LOL - "just" a server reset. What could possibly go wrong?
:whiste:
If it's already down, you can't really make it worse. That's the part that's key here.
If it's not down but has some kind of issue, then you don't want to jump right to a reboot, but if the whole thing is down, because it's frozen or w/e, then you can't really make it worse by forcing a reset on the VM/server.
I remember one time I get a call from the NOC that every single server was showing as down.. ironicly, at a hospital. This is normally something I'd leave to the senior tech because he knew the environment better and was less likely to be in trouble if something goes wrong, but they could not reach him so I decided to go. I kind of figured it would be something simple like a management switch that's down but turned out to be storage related with the SAN. So I'm there at 4am debating on what to do, as I did not want to reset anything if I can avoid it as I was not 100% sure at this point WHAT even froze. Spent an hour or so investigating and realize that the issue was most likely a iSCSI switch that had randomly rebooted. It was SUPPOSE to be redundant, but they never listened to me when I suggested we do redundancy tests before we make it live. I hate when people tell me "I told you so" but I LOVE it when I'm the one that can say that to someone. Long story short turns out all I had to do is reinitialize the iSCSI paths in ESXi and the VMs all resumed normally, with minor errors in the OS, if that.
Basically by before 8am when all the admin staff comes in, I had the entire environment back up.
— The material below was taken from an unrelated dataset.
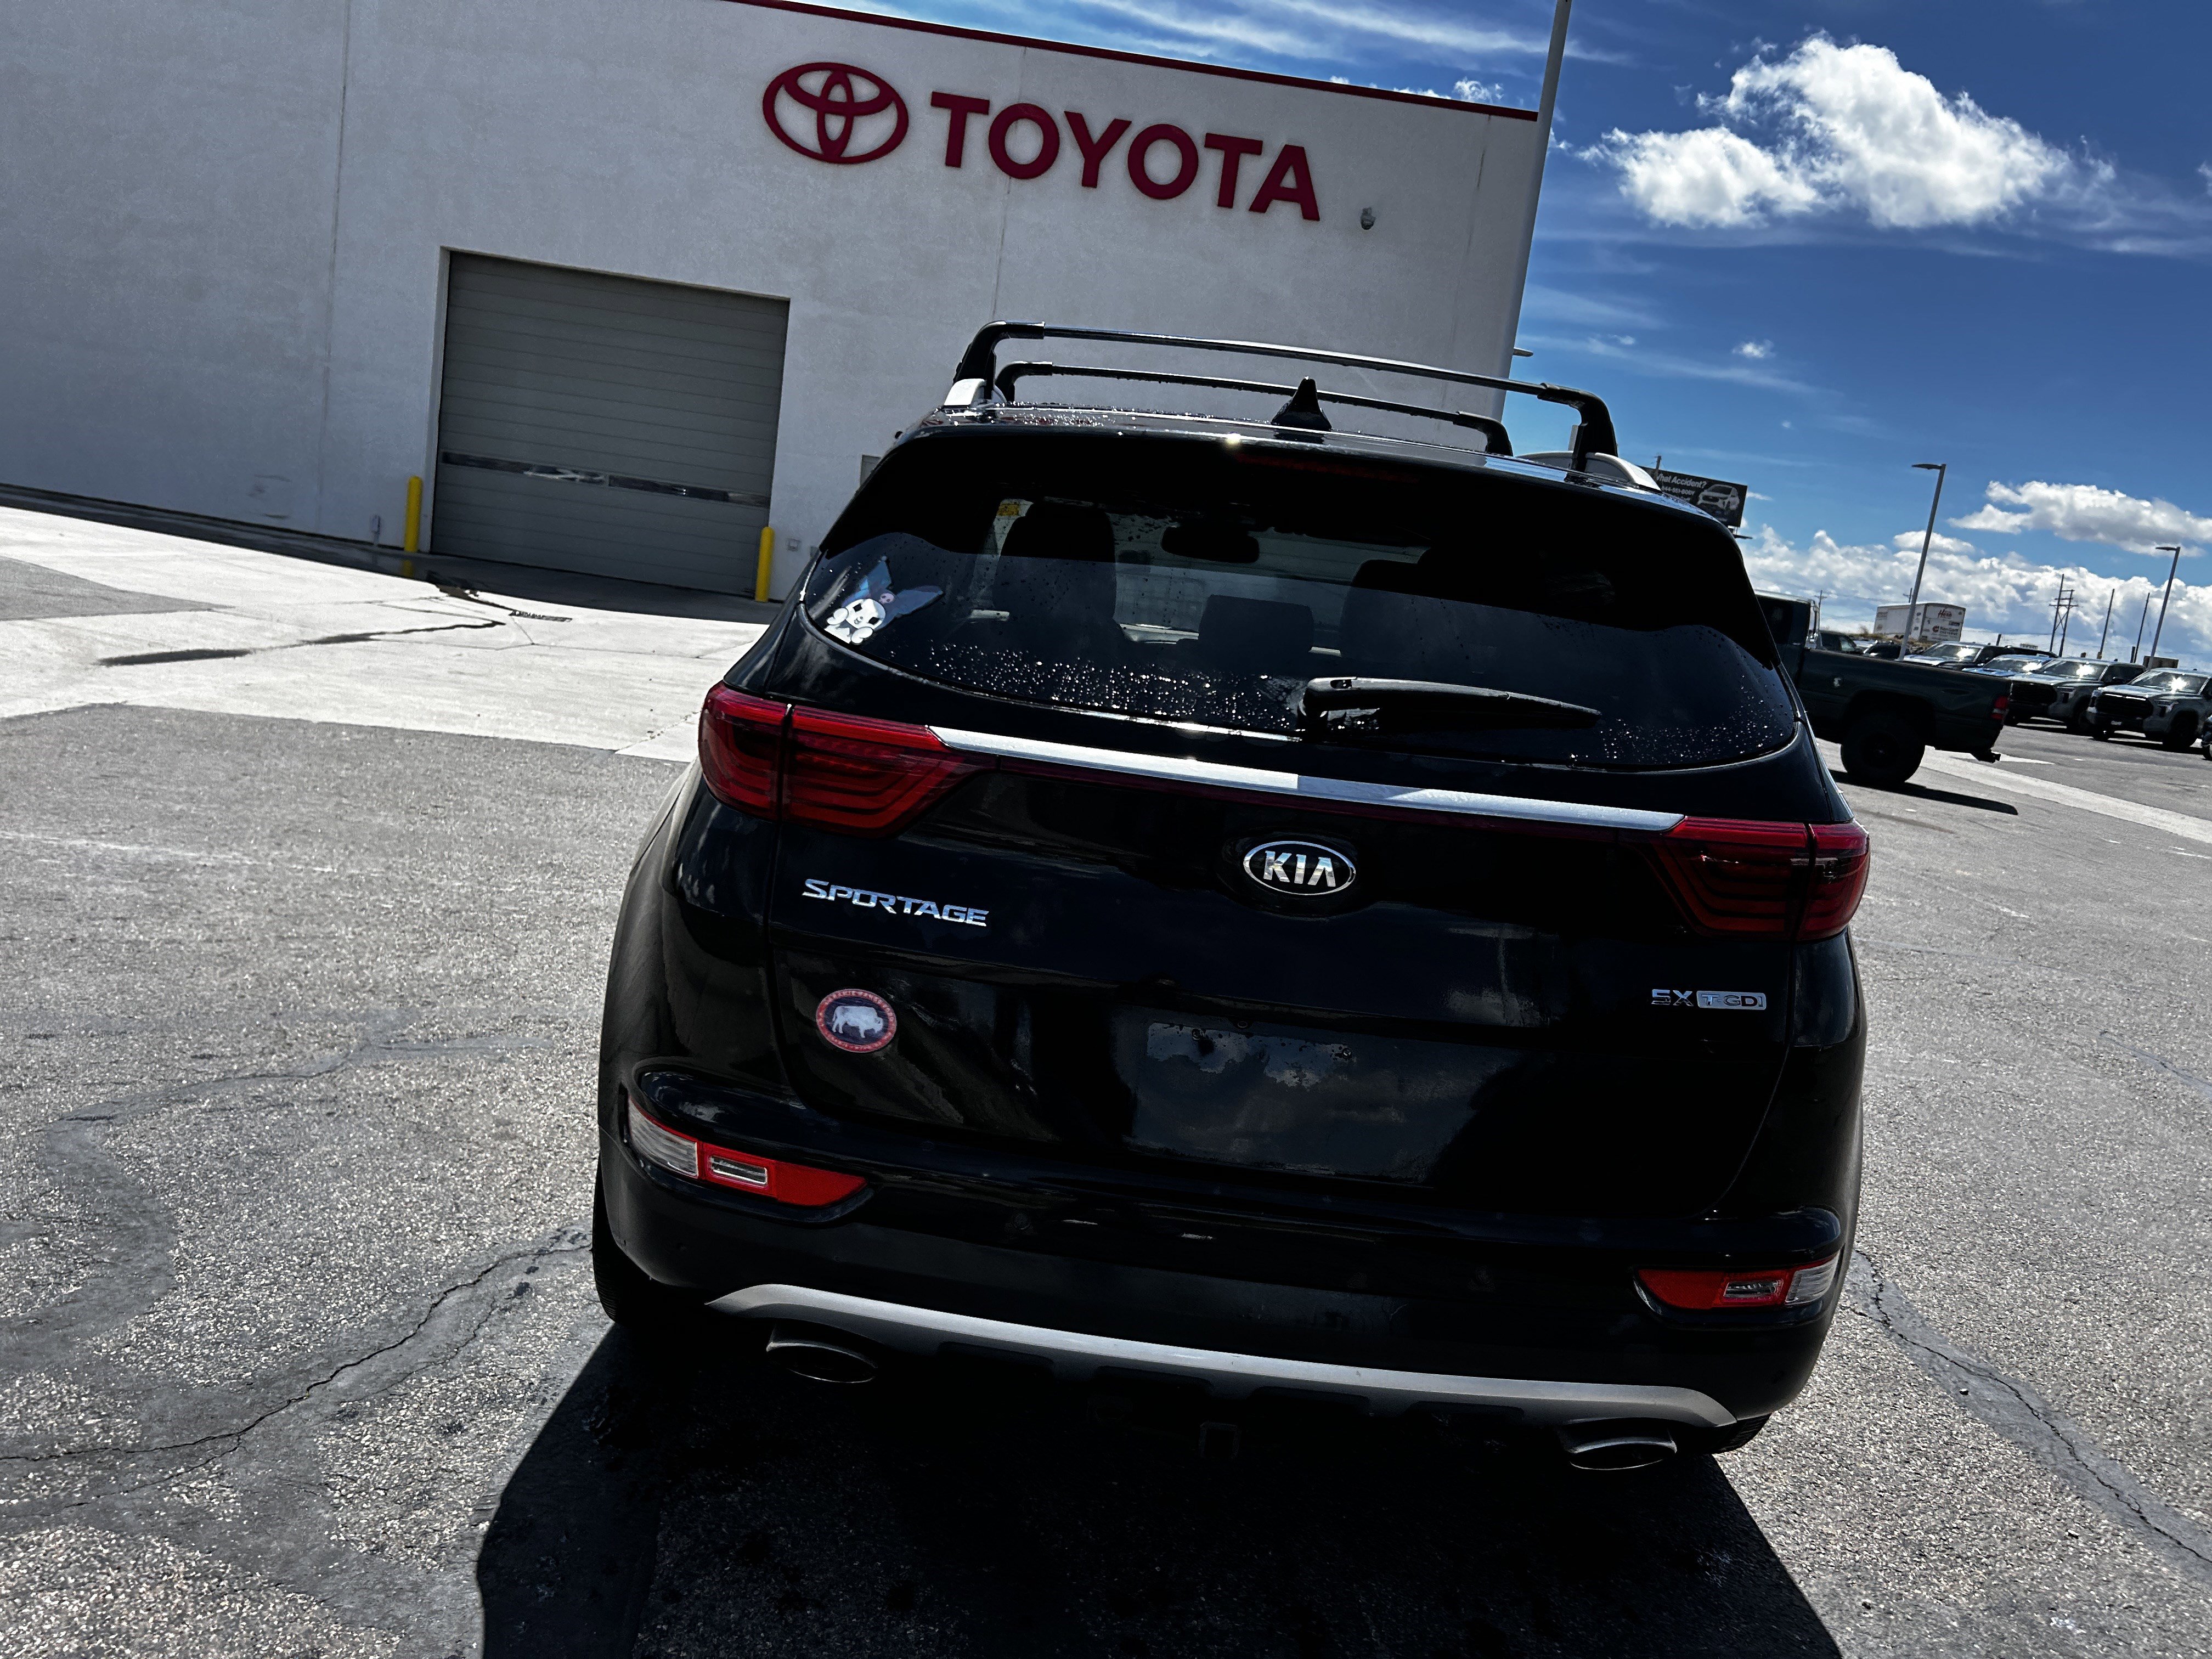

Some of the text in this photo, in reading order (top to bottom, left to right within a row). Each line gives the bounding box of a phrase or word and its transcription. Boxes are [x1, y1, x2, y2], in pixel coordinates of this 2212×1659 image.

I got lucky though, it could have been much worse, there could have been corruption and so on.
Still got in trouble for it... should not have touched it because it's production. Sure it's production, but it was DOWN! But they did not care. They still want us to fix it, but without touching it. Got to a point where I did not go on callouts anymore, if something was down, good for them, it stayed down. Oddly I learned that the less work I do at that job, the less trouble I get into. I can confirm that it's possible to get to the end of Reddit.
I was so glad when I moved to NOC. Now I can reset a whole freaking cell site and not get in trouble for it. It's just much more easy going and we can actually do our job without being in trouble and walking on egg shells all the time.